*** Opening Information ***

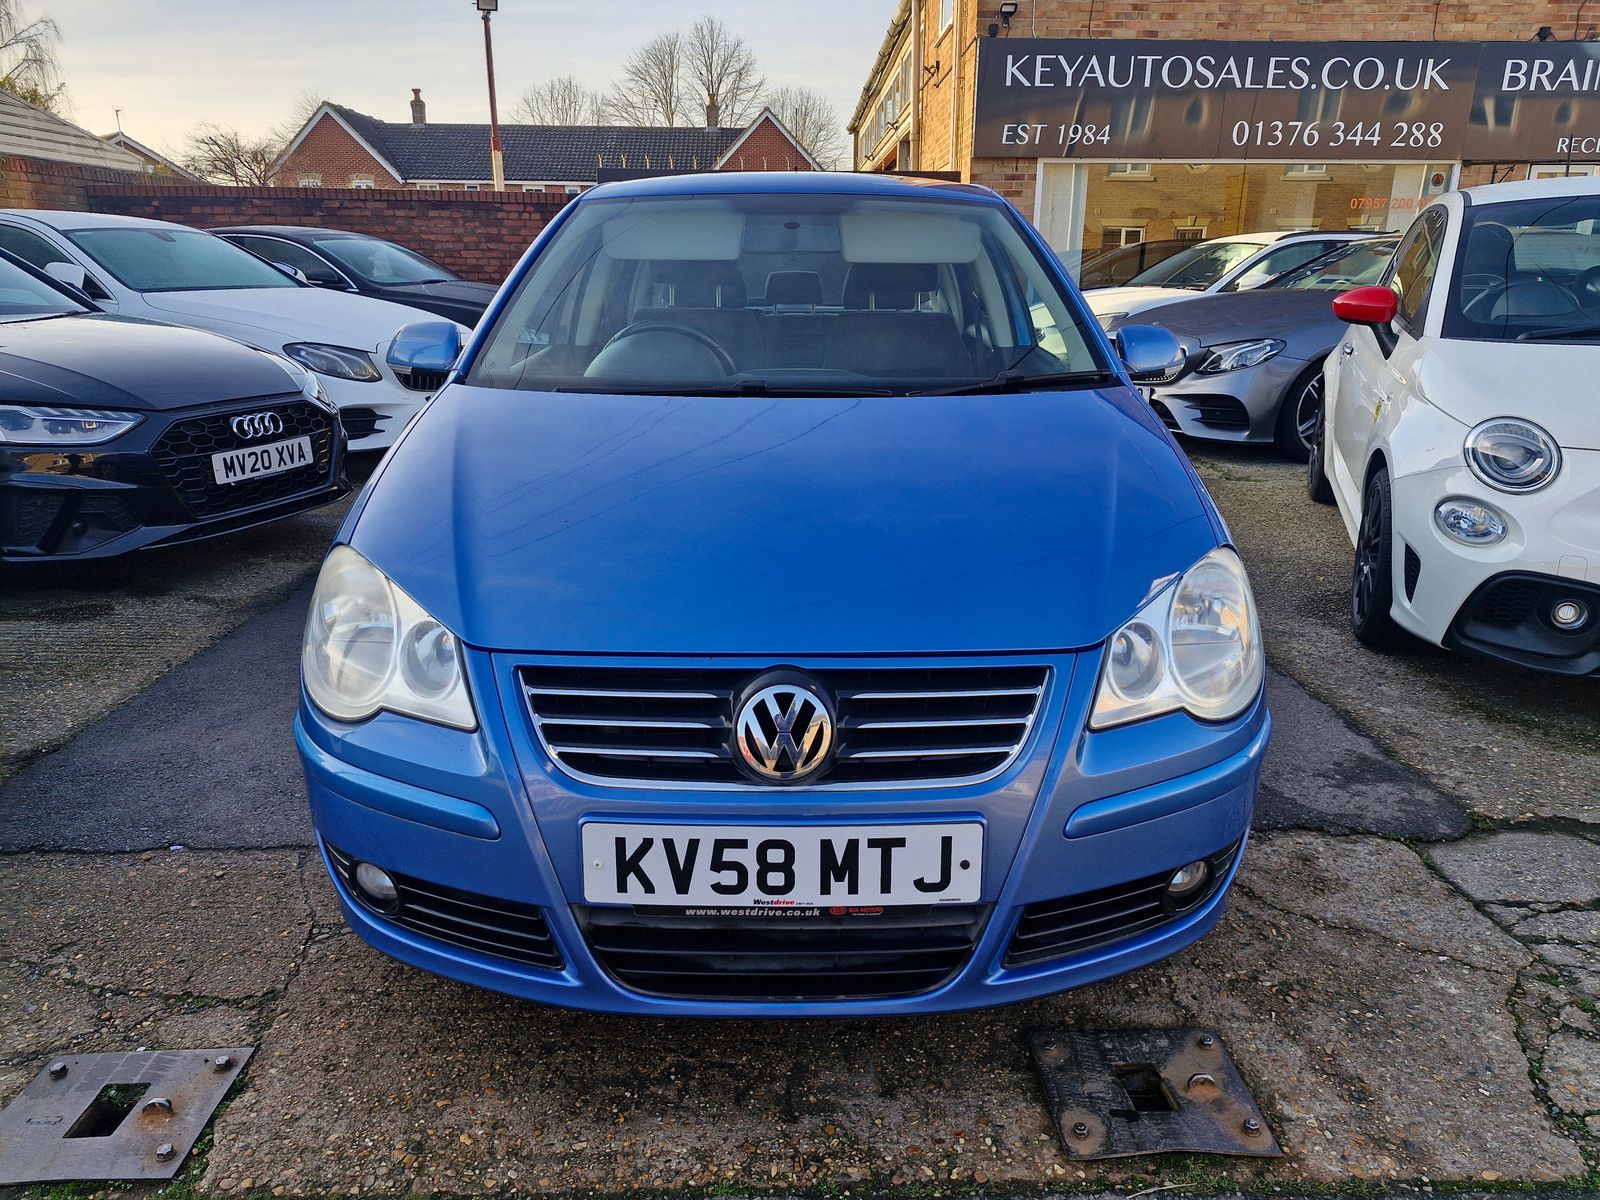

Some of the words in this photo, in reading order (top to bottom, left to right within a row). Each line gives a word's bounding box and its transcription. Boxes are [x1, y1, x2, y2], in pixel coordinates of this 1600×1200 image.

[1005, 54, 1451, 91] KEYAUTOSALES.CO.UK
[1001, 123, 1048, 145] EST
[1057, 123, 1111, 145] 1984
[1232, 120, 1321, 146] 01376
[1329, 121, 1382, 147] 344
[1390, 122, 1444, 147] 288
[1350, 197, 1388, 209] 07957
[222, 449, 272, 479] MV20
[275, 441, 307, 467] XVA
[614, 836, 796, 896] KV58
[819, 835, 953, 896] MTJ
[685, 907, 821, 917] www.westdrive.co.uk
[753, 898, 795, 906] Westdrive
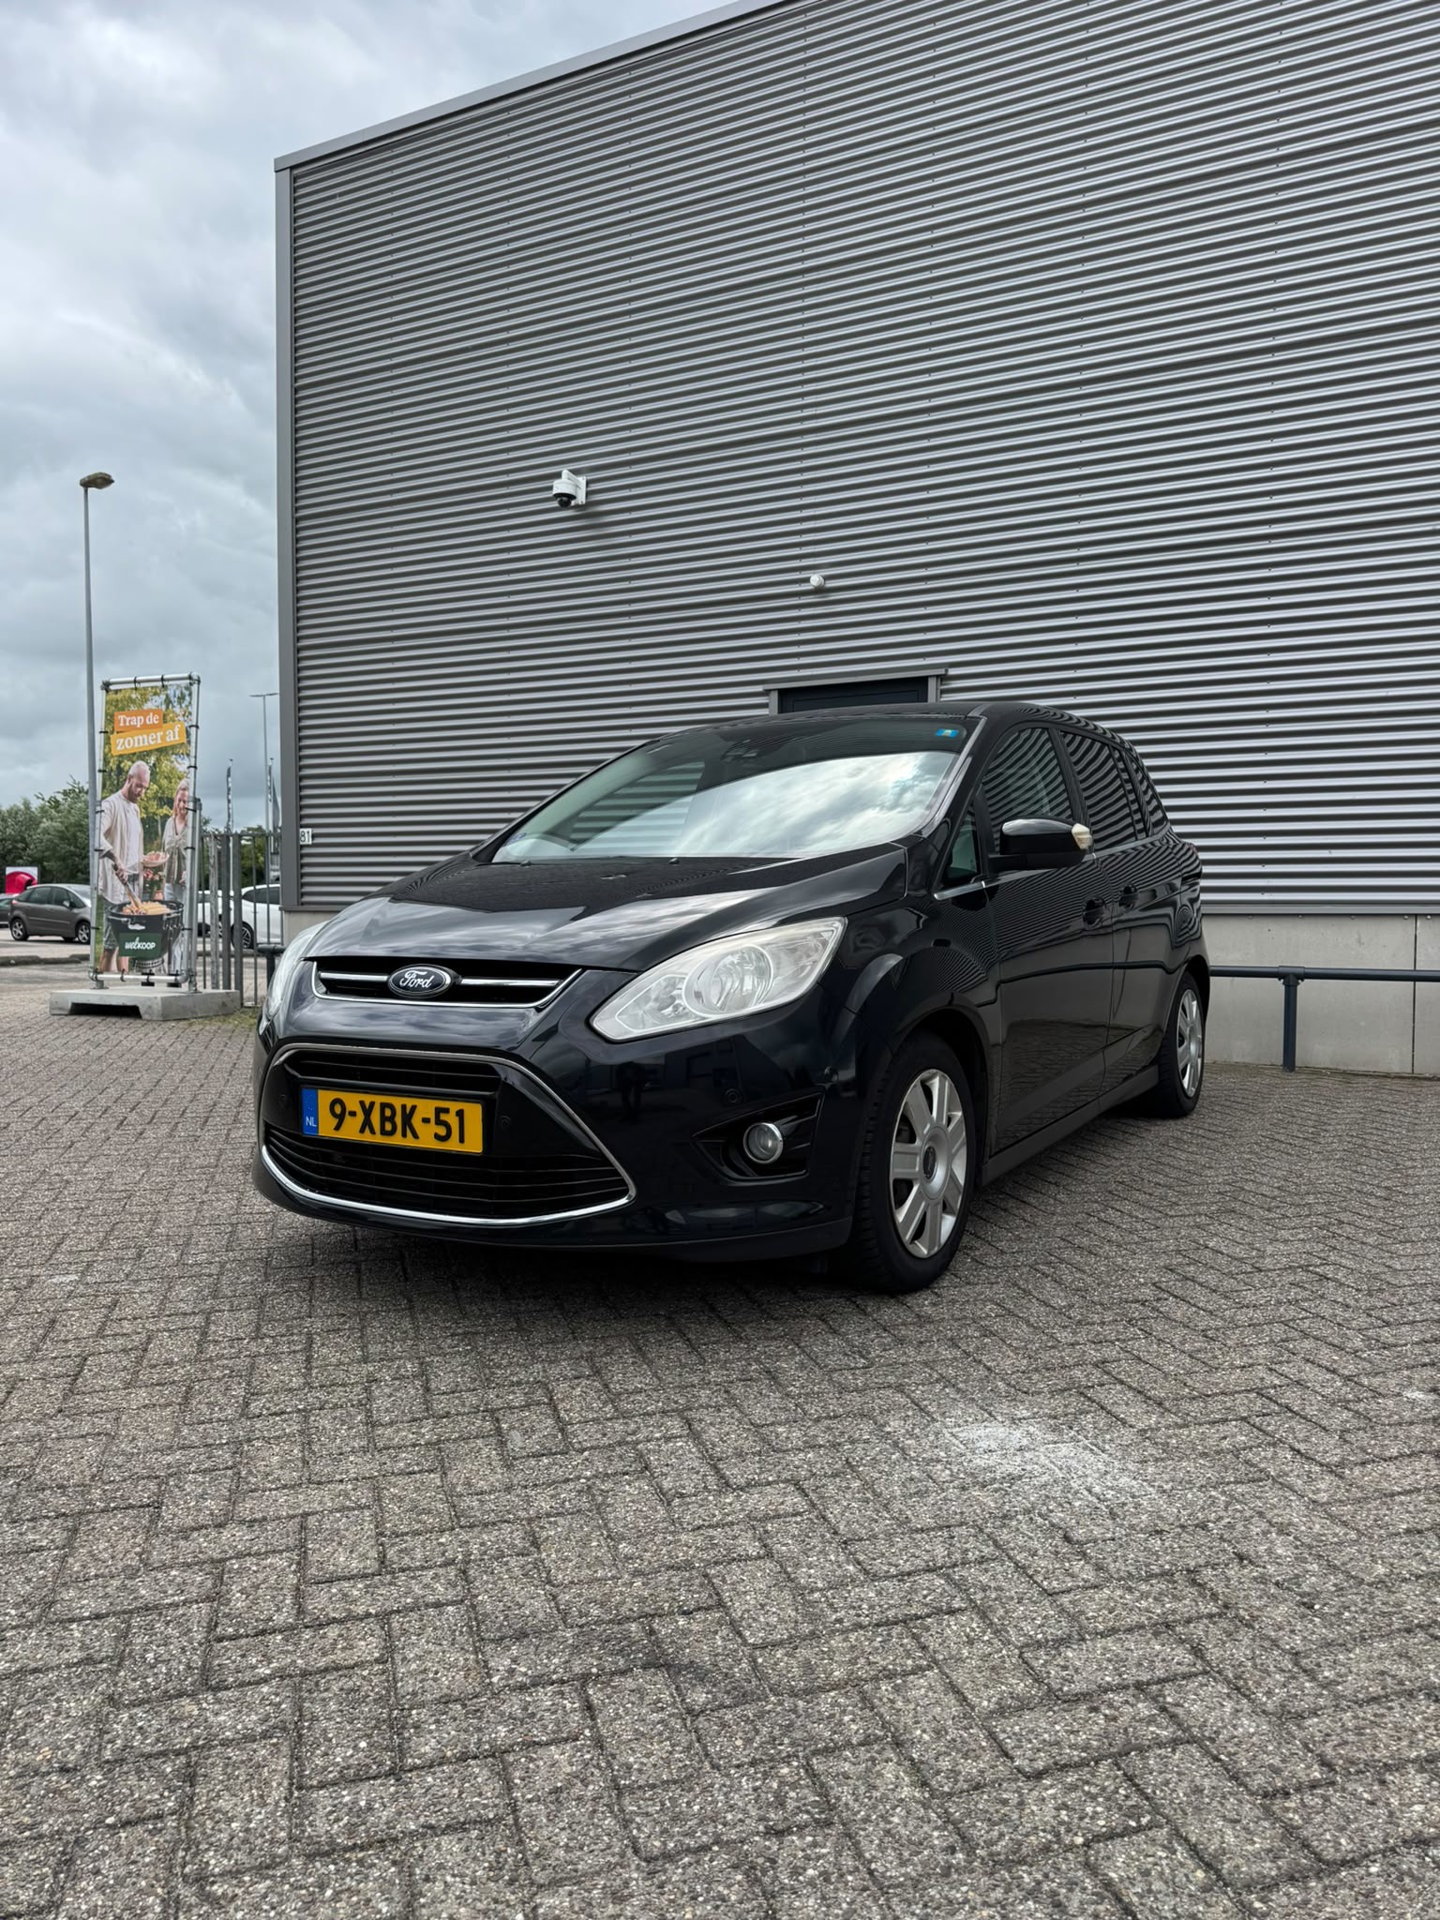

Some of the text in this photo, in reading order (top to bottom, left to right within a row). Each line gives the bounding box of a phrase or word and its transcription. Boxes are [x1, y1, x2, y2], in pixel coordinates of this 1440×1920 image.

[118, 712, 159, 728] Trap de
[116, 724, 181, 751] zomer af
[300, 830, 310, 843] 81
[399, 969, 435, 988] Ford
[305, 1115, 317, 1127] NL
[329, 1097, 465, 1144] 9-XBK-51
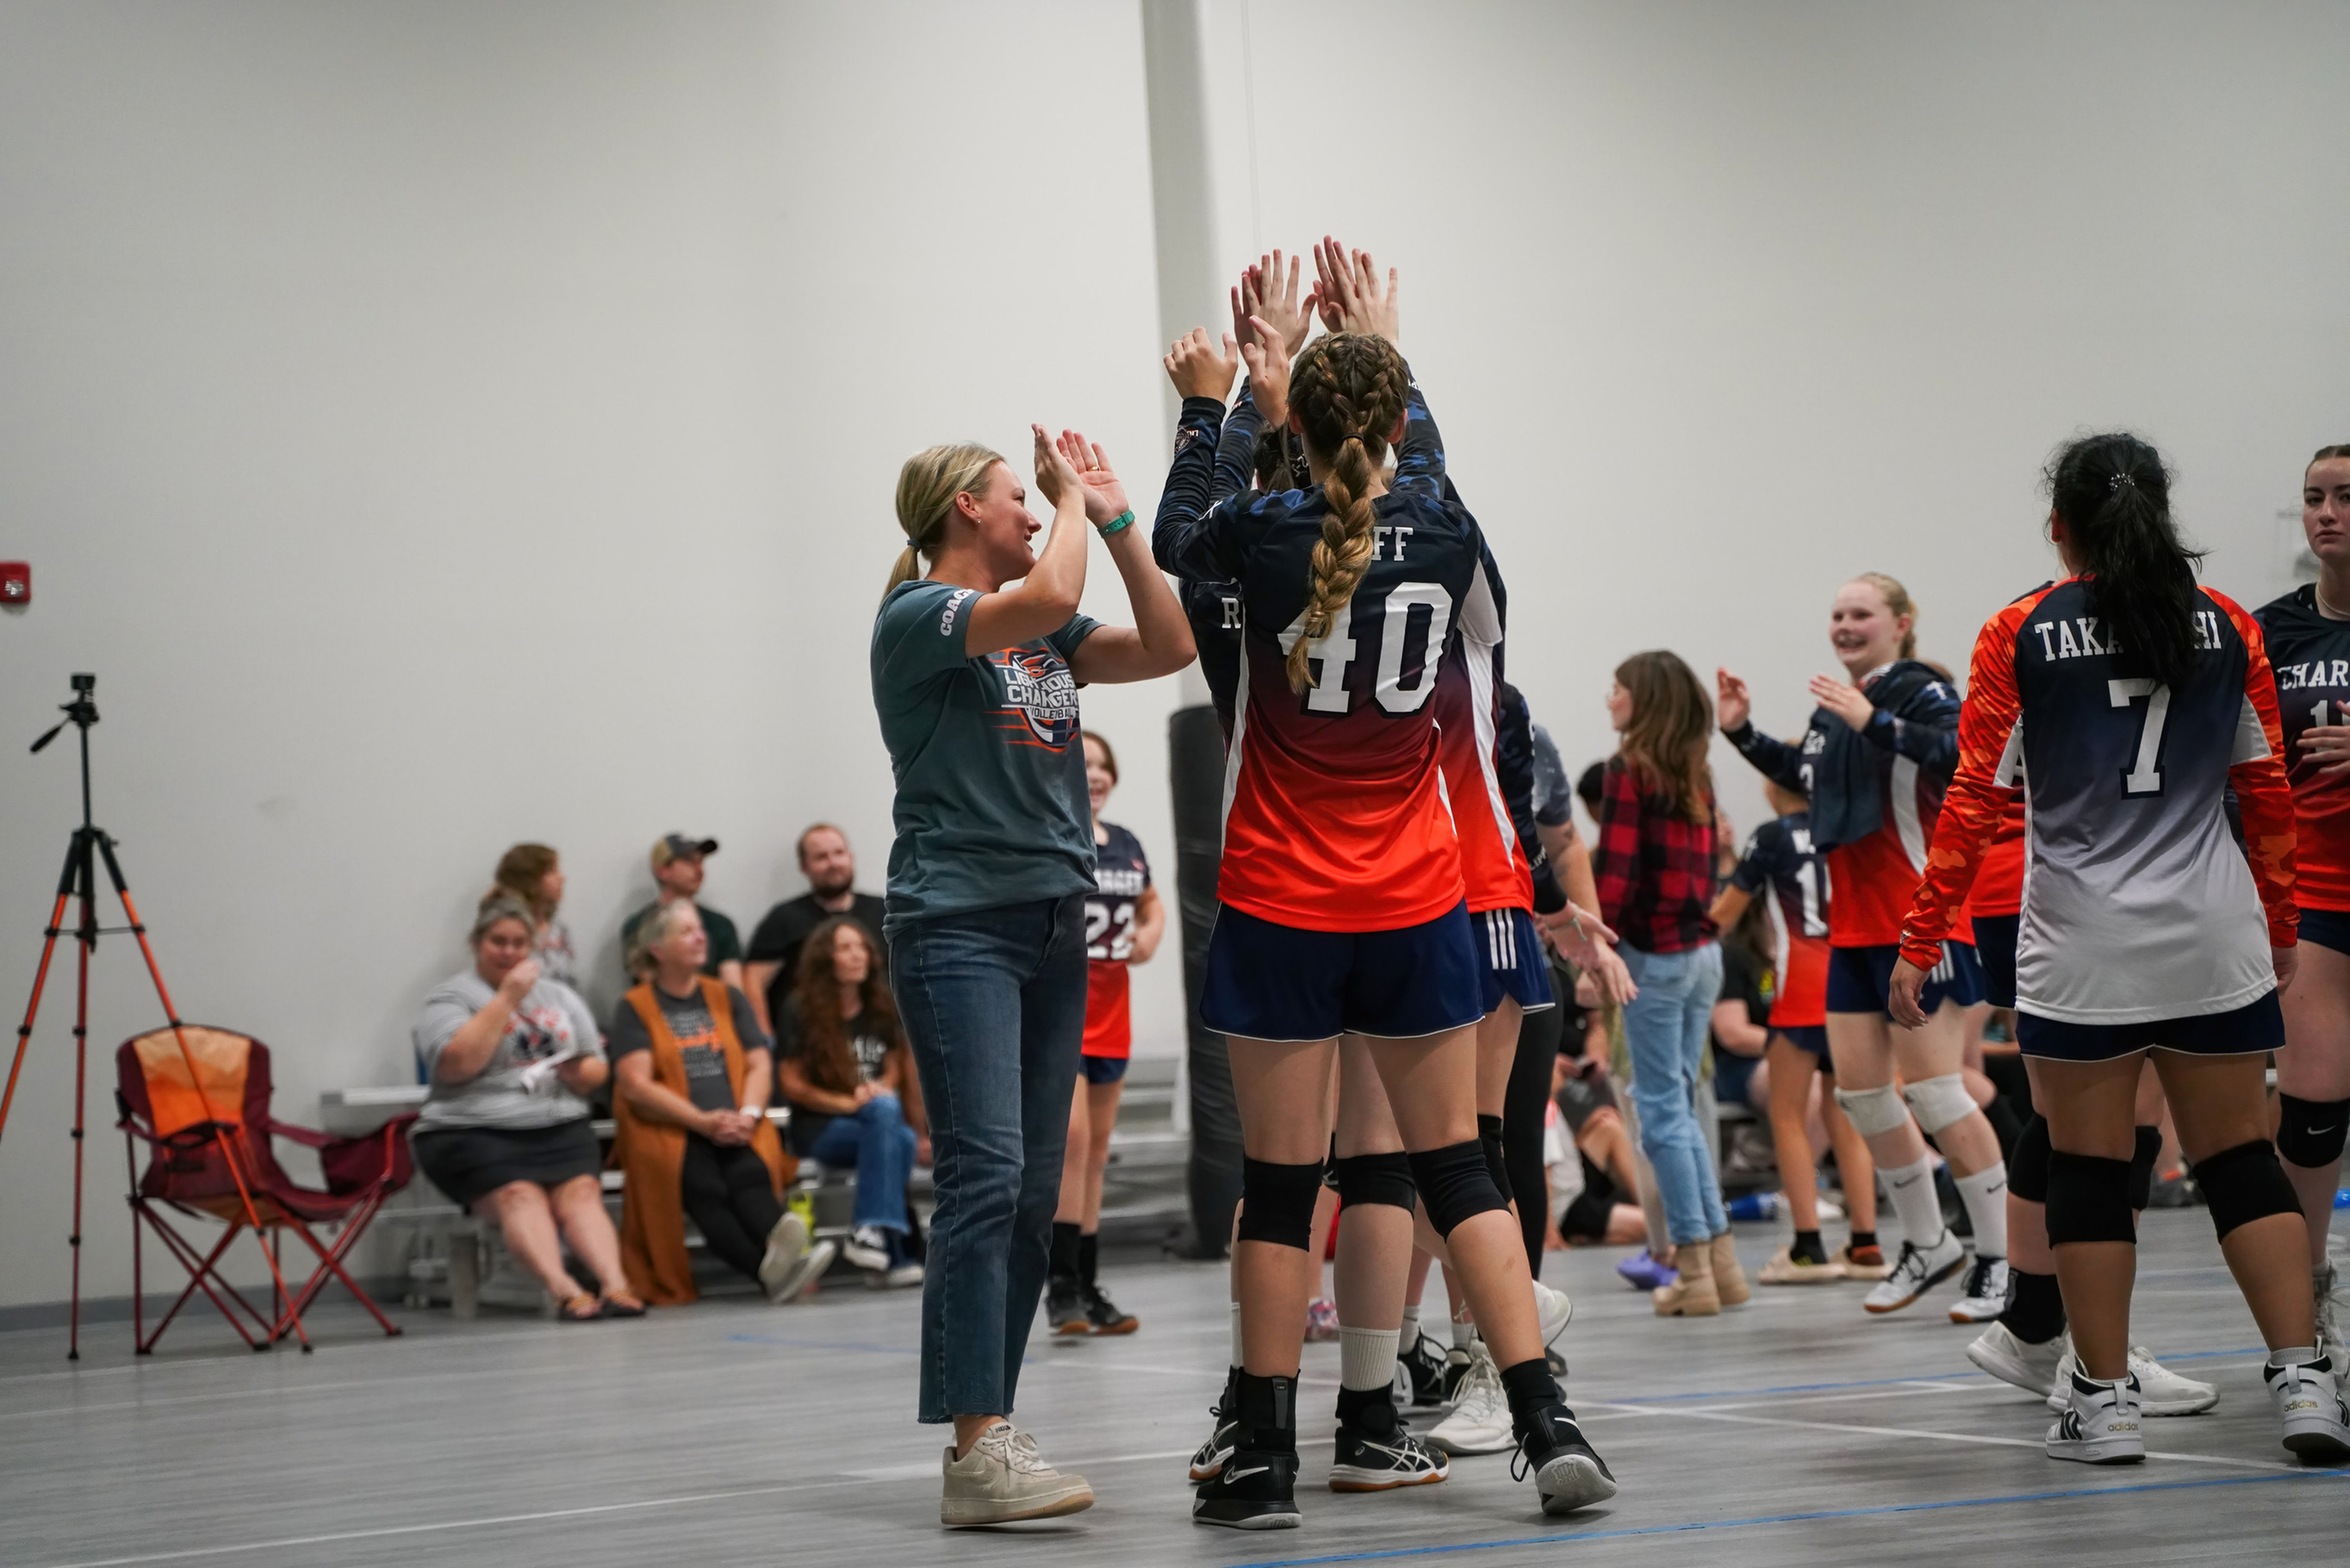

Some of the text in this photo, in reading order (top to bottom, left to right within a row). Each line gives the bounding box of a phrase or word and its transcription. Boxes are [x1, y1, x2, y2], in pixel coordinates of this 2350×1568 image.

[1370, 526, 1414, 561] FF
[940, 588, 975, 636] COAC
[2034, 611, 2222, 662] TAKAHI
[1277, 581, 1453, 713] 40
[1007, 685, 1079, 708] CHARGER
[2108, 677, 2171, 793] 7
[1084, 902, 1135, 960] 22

*** Closing Information ***

▶ Your objective
Without any pictures, output the entries above exactly as they appear.

▶ Exercise output
Some of the words in this photo, in reading order (top to bottom, left to right within a row). Each line gives a word's bounding box and its transcription. Boxes are [x1, y1, x2, y2], in pixel coordinates of this 1600×1200 image.

[1005, 54, 1451, 91] KEYAUTOSALES.CO.UK
[1001, 123, 1048, 145] EST
[1057, 123, 1111, 145] 1984
[1232, 120, 1321, 146] 01376
[1329, 121, 1382, 147] 344
[1390, 122, 1444, 147] 288
[1350, 197, 1388, 209] 07957
[222, 449, 272, 479] MV20
[275, 441, 307, 467] XVA
[614, 836, 796, 896] KV58
[819, 835, 953, 896] MTJ
[685, 907, 821, 917] www.westdrive.co.uk
[753, 898, 795, 906] Westdrive

Some of the text in this photo, in reading order (top to bottom, left to right within a row). Each line gives the bounding box of a phrase or word and its transcription. Boxes are [x1, y1, x2, y2], in pixel coordinates of this 1440×1920 image.

[118, 712, 159, 728] Trap de
[116, 724, 181, 751] zomer af
[300, 830, 310, 843] 81
[399, 969, 435, 988] Ford
[305, 1115, 317, 1127] NL
[329, 1097, 465, 1144] 9-XBK-51

Some of the text in this photo, in reading order (top to bottom, left to right within a row). Each line gives the bounding box of a phrase or word and its transcription. Boxes are [x1, y1, x2, y2], in pixel coordinates of this 2350×1568 image.

[1370, 526, 1414, 561] FF
[940, 588, 975, 636] COAC
[2034, 611, 2222, 662] TAKAHI
[1277, 581, 1453, 713] 40
[1007, 685, 1079, 708] CHARGER
[2108, 677, 2171, 793] 7
[1084, 902, 1135, 960] 22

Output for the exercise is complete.